Im in another country so im not visiting them until february (if i do visit)
Right now im living in a sharehouse with other students and my boyfriend.
My dad knows of her issues and tries to support her. He is the most patient person i know.
For what i know her suicidal threats have stopped, but i guess you never know when they will come out whenever she feels upset.
A little part that i missed :
Today, after i told her how i needed just her support and not criticism, she just said “ ok i hope you make the right decisions and stay well”
and then left the family chatroom.October 5, 2020 at 10:02 am #962914LisforLeslieGuest
Setting boundaries and then living by them will help. If your mother knows that you will walk away – leave the conversation, end the call every singly time she crosses boundaries then she will stop.
If you chase after her when she drops – she gets the reward she seeks. So don’t do it. When she brings it up the next time – do what you’ve been doing “If you can’t be nice, I’m not staying.” “This topic is off limits, if you bring up this topic, I will drop from the conversation.” and then do it every time. She may escalate or say “Well NeedstoTalk says we can’t talk about this so I guess NeedstoTalk has to pick the topic.” Don’t tell her she’s wrong or misinterpreting, just ask about your family members or something or ask them how to make a family recipe.October 5, 2020 at 11:33 am #962930golfer.galGuest
Her saying she hopes you stay well and leaving the chat is a good thing. She basically self selected out of a conversation you didn’t want to have. She may have done it hoping you’d chase her and give her attention and apologize, but the outcome was good.

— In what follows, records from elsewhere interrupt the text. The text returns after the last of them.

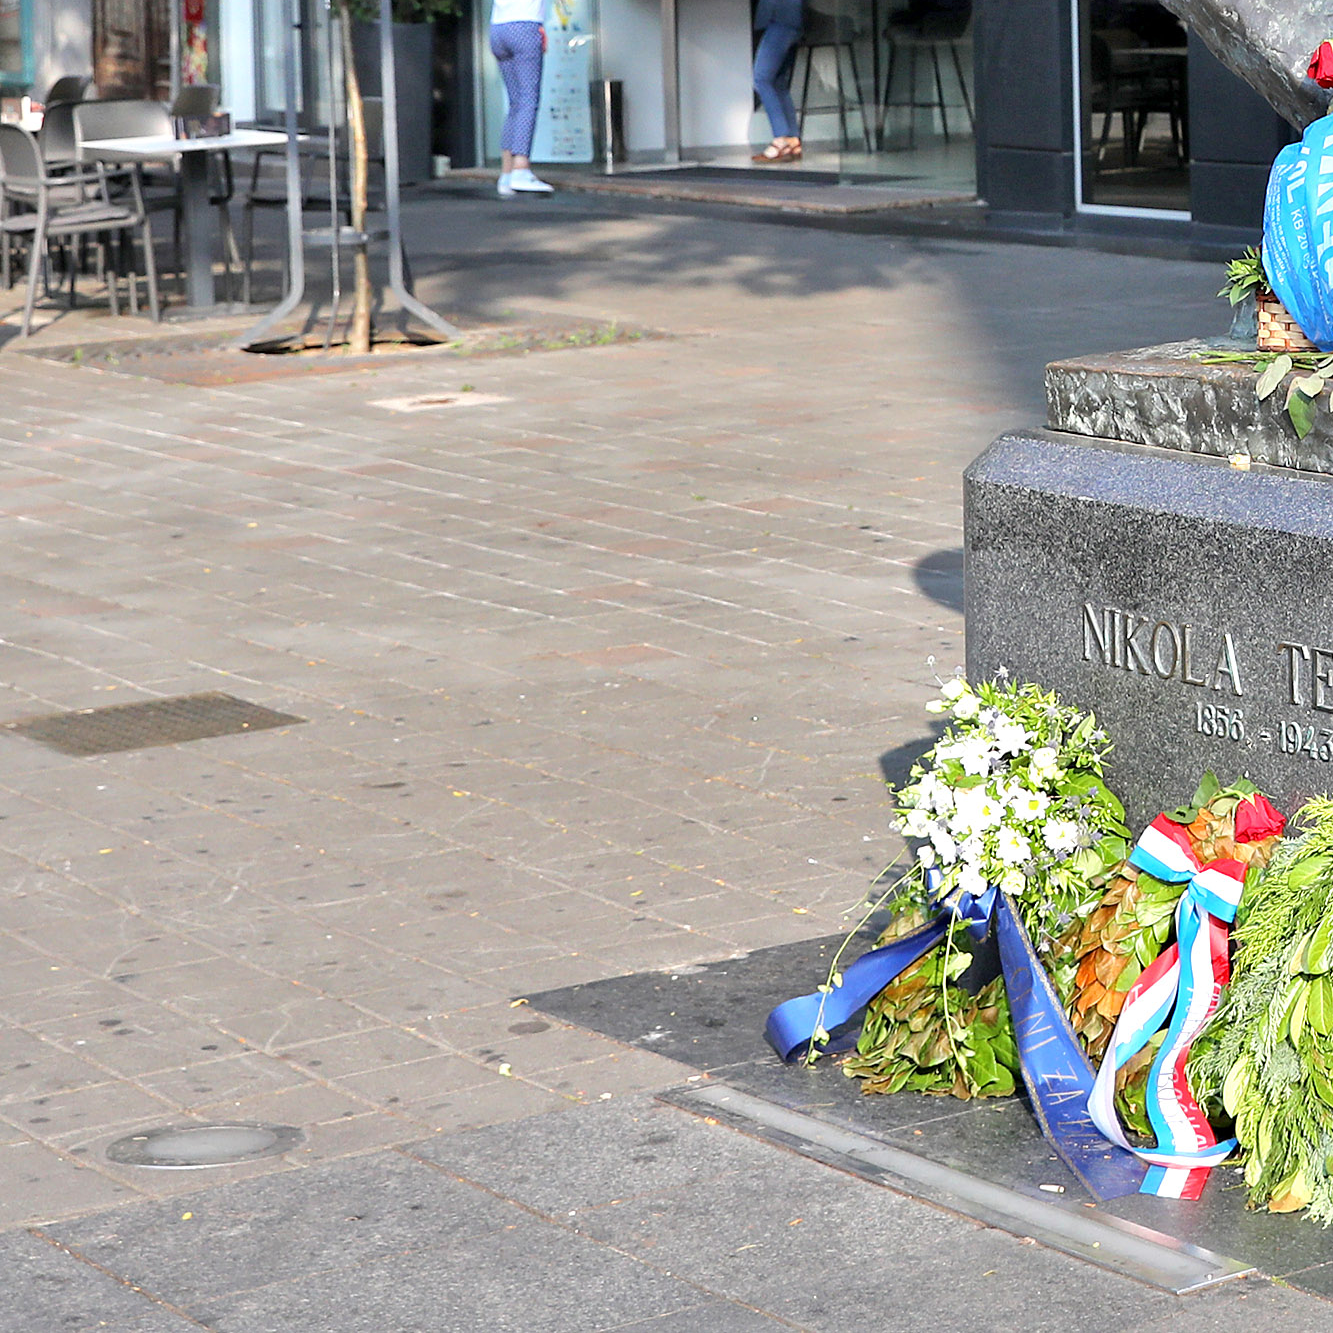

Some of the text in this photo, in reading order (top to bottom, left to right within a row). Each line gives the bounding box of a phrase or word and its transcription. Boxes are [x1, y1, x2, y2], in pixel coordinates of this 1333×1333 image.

[1291, 208, 1304, 230] KB
[1297, 233, 1308, 250] 20
[1082, 602, 1243, 697] NIKOLA
[1196, 700, 1251, 746] 1856.
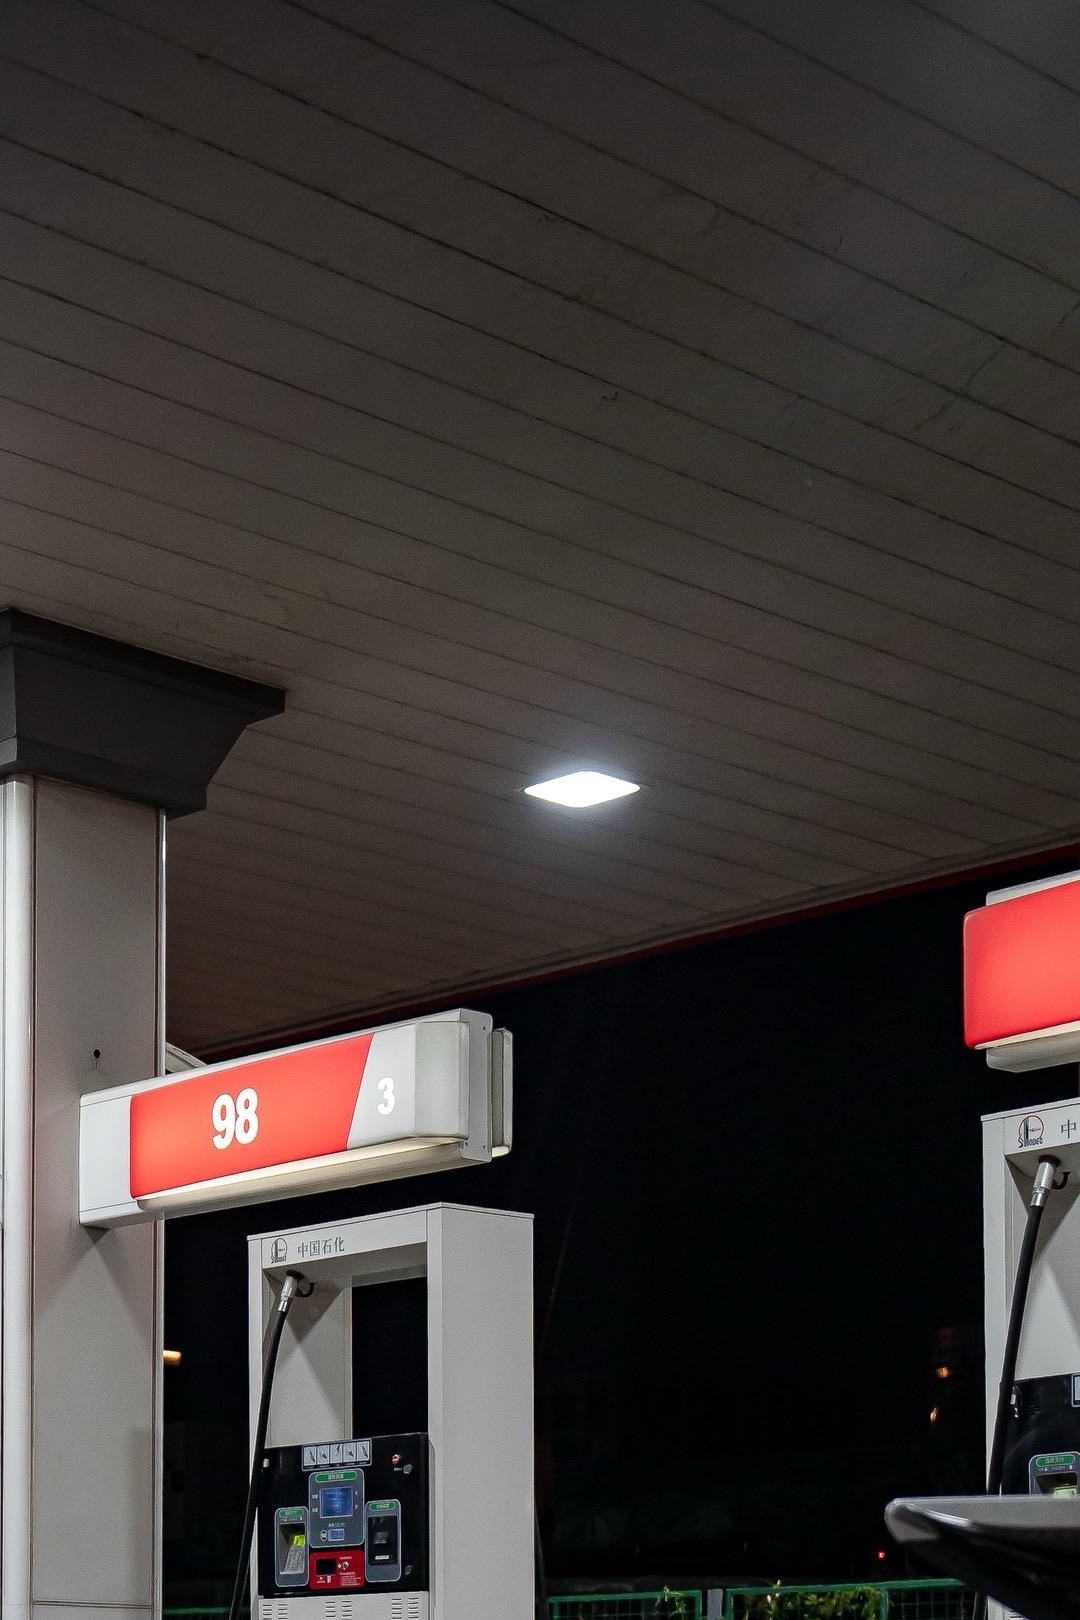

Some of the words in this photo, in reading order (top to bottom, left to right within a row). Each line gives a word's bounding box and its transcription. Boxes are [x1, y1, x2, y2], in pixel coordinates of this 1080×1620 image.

[377, 1076, 395, 1115] 3
[212, 1088, 259, 1150] 98
[297, 1236, 345, 1258] 中国石化

It’s time time to start setting firmer boundaries. You need to tell her, once, that you can’t keep having the same conversation over and over, that you’re not changing your plans anytime soon, and if she brings it up again you have to leave the conversation. Then, do that. “Ah mom I love you but we’ve been over this, g2g, talk to you later!”, “I’ll check back in later today if you’re up for a conversation that doesn’t include this topic”, etc. She’ll try tactics to force you into an argument you don’t want to have (guilt, fear, threats, whatever). The important thing to know is if you give in, even once, the behavior will never stop.

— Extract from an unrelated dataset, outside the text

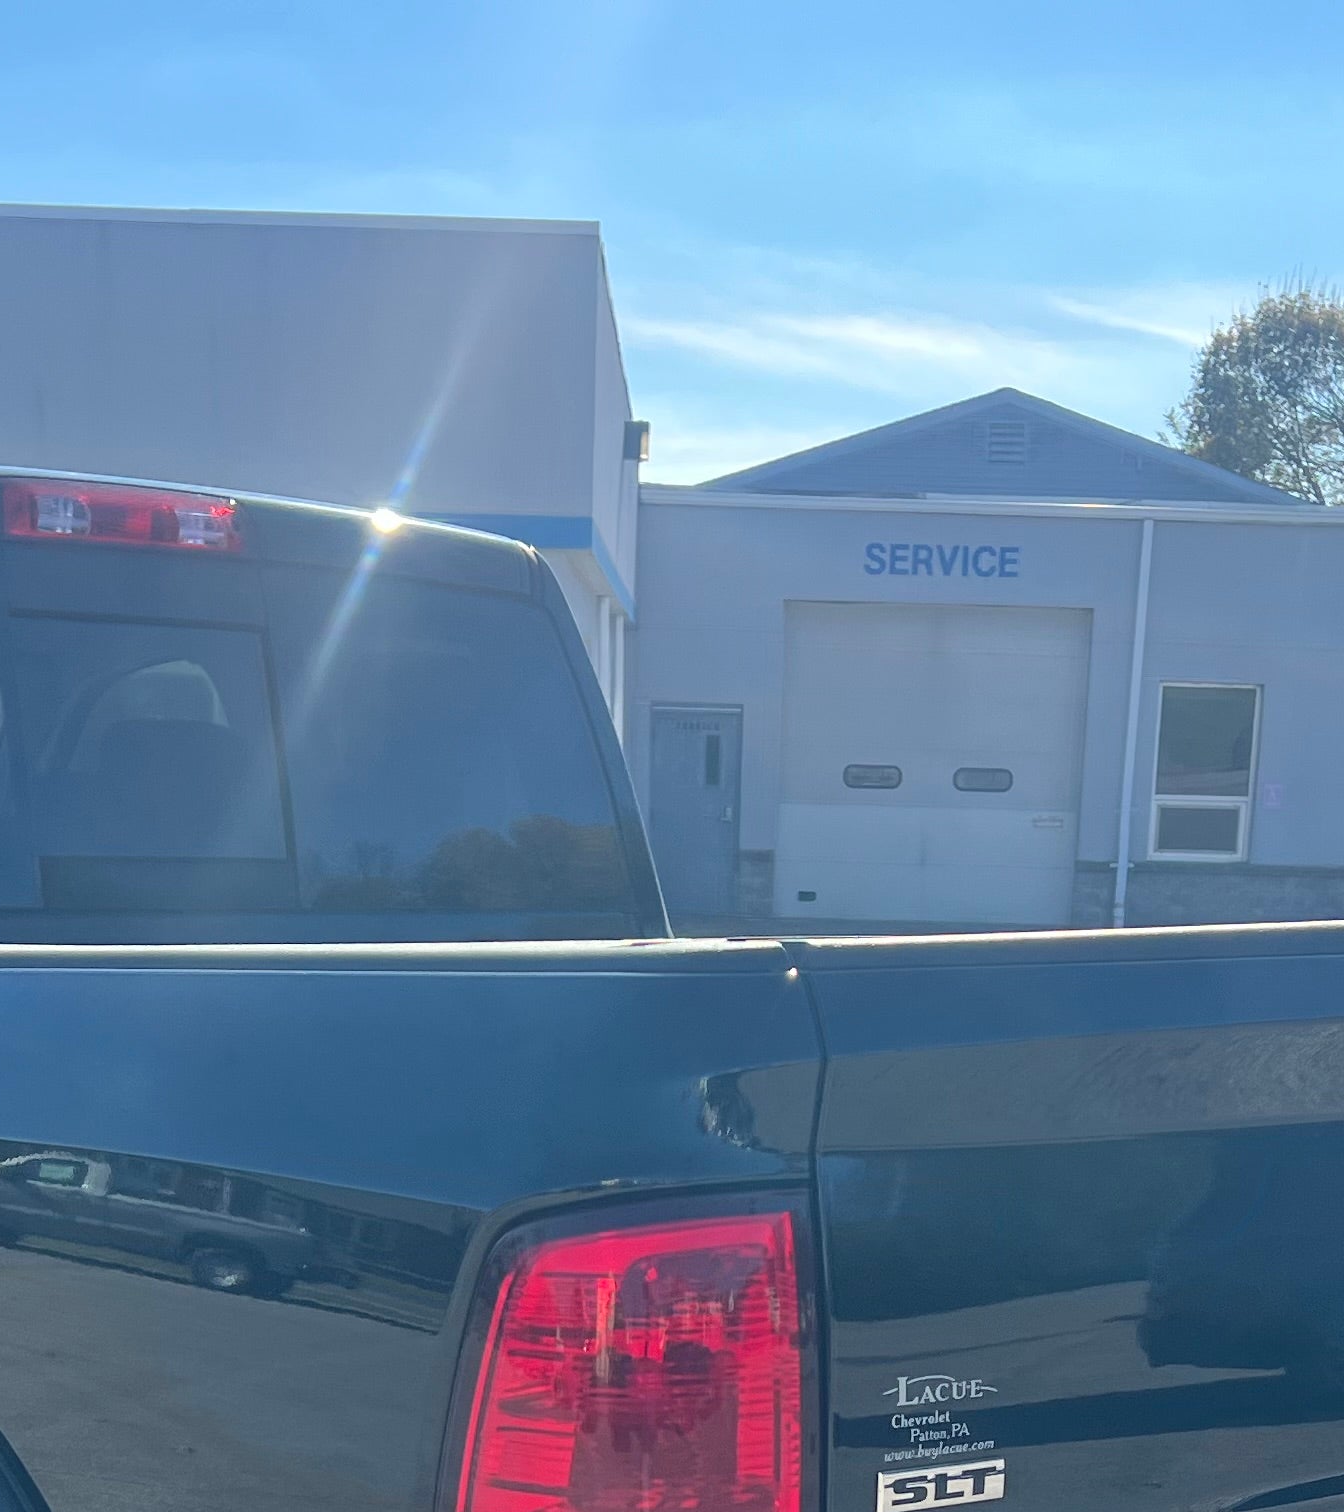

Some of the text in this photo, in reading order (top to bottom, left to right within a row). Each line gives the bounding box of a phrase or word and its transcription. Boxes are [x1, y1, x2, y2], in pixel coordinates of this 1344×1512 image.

[864, 542, 1020, 578] SERVICE
[891, 1409, 951, 1429] Chevrolet
[884, 1439, 995, 1463] www.buylacue.com
[885, 1466, 1004, 1507] SLT

Your mom threatens suicide fairly regularly. She also seems manipulative and has some unhealthy coping mechanisms for stress. These….are not small things. She needs professional help. Have you or your family ever encouraged her to get it? That may be a family convo you need to have. If she ever threatens to actively hurt herself you need to bring someone else in immediately- your dad, or call emergency services. Take her seriously. I also suggest you get counseling for yourself. There’s a lot on your plate and a counselor can help you create scripts and set better boundaries with your mom. The advice site Captain Awkward also has amazing scripts for dealing with situations like yours.